Provided data below:

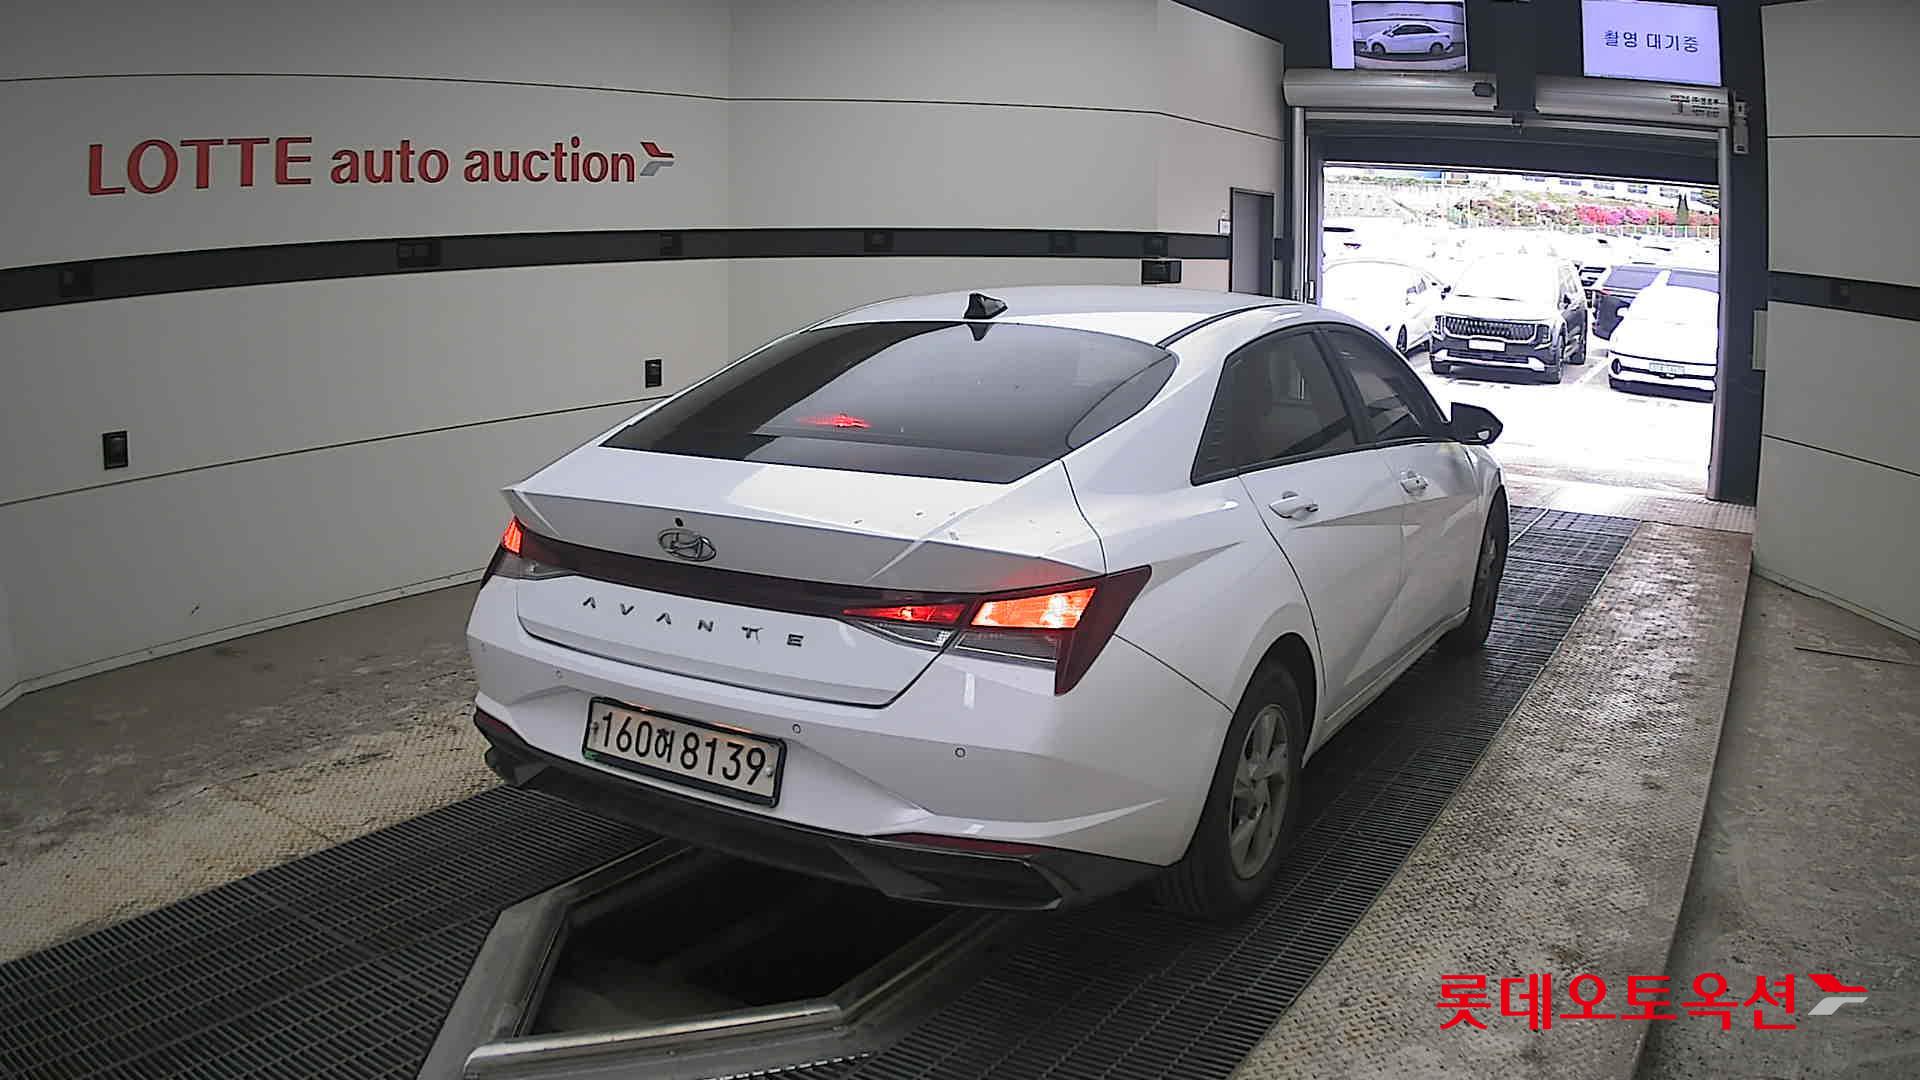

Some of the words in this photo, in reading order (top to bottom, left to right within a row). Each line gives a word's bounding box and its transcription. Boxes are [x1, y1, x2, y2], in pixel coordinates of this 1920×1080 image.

[1646, 33, 1698, 53] 대기중
[88, 136, 312, 196] LOTTE
[329, 139, 449, 184] auto
[463, 136, 636, 184] auction
[582, 596, 804, 647] AVANTE

End of Provided data.

:: What needs to be done ::
Please transcribe all of the entries word for word, with the pictures left out.

:: Output for this task ::
Some of the words in this photo, in reading order (top to bottom, left to right within a row). Each line gives a word's bounding box and its transcription. Boxes are [x1, y1, x2, y2], in pixel coordinates of this 1920×1080 image.

[1646, 33, 1698, 53] 대기중
[88, 136, 312, 196] LOTTE
[329, 139, 449, 184] auto
[463, 136, 636, 184] auction
[582, 596, 804, 647] AVANTE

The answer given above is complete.